According to new data from researchers at Stanford University, the University of Arizona, the University of Texas and NASA's Jet Propulsion Laboratory, some eruptions may not occur from the depths of the oceans of Europa, the moon of Jupiter, but from water pockets embedded in the ice shell itself.
On Jupiter's icy moon, Europa, powerful eruptions can erupt into space, which raises a number of questions for hopeful astrobiologists on Earth: what could explode due to plumes several kilometers high? Could they contain signs of extraterrestrial life? How are they formed in Europe? The new explanation now points to a source closer to the frozen surface than scientists could expect.
Using images captured by NASA's Galileo spacecraft, the researchers developed a model to explain how the combination of freezing and pressurization could lead to a cryovolcanic eruption or water splash. The results, published Nov. 10 in Geophysical Research Letters, have implications for determining the habitability of Europa's underlying ocean, as well as explaining eruptions on other icy bodies in the solar system.
Scientists have long speculated that the vast ocean hidden under Europa's ice crust might contain the elements needed to sustain life. But other than sending an underwater vehicle to the moon for exploration, it's hard to say for sure.
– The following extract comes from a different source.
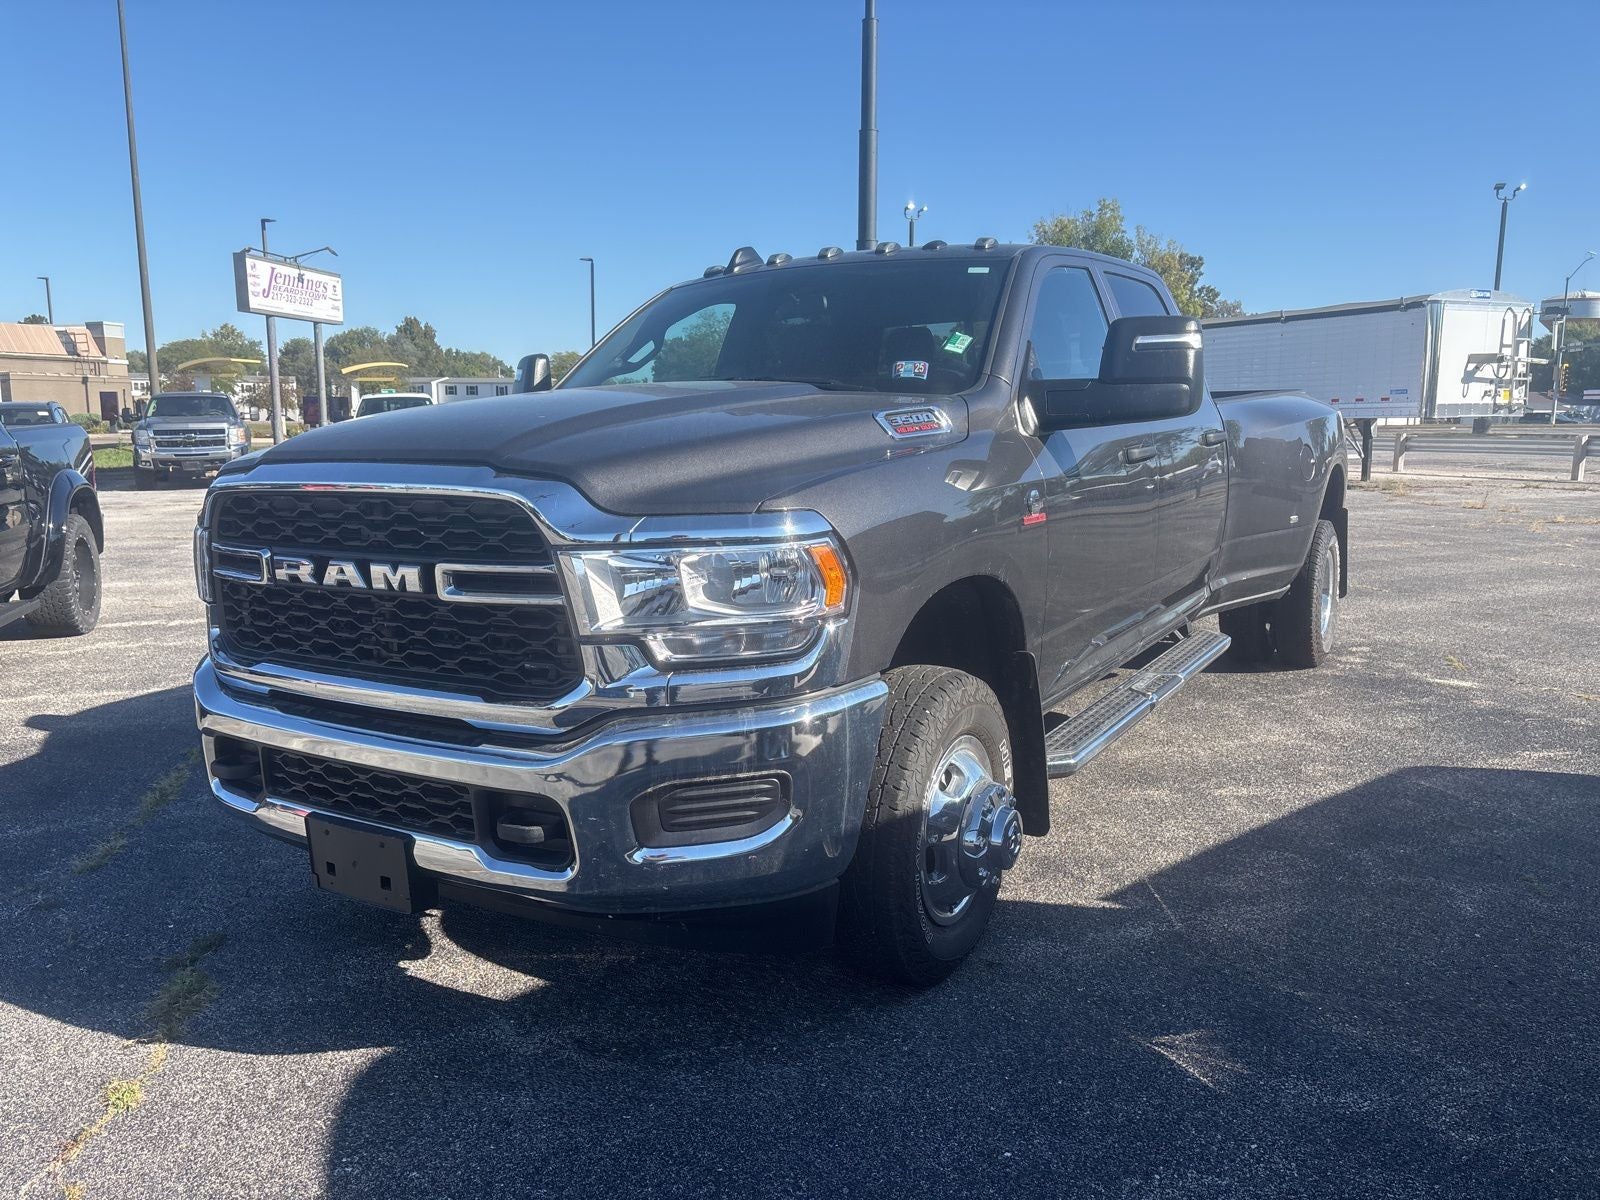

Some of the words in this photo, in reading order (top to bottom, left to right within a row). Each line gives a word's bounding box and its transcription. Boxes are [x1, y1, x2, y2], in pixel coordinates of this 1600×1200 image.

[272, 285, 327, 300] BEARDSTOWN
[914, 363, 924, 373] 25
[890, 413, 932, 426] 3500
[273, 555, 423, 593] RAM
This is one of the reasons why Europa's plumes have generated so much interest: if eruptions originate from the bowels of the ocean, the elements can be more easily detected by a future mission spacecraft such as NASA's Europa Clipper.
But if the plumes originate in the moon's icy shell, they may be less conducive to life because it is more difficult to maintain the chemical energy to sustain life there. In this case, the chances of detecting habitability from space are reduced.
The researchers focused their analysis on Manannan, a 29-kilometer-wide crater in Europa that was formed by a collision with another celestial object tens of millions of years ago. Thinking that such a collision would generate a tremendous amount of heat, they modeled how the melting and subsequent freezing of a water pocket inside the ice shell could cause water to erupt.
The model shows that as Europa's water turned to ice in the later stages of the impact, pockets of water with increased salinity could have formed on the moon's surface. In addition, these pockets of salt water can migrate lengthwise through Europa's ice shell, obscuring adjoining areas of less salty ice, and therefore becomes even saltier in the process.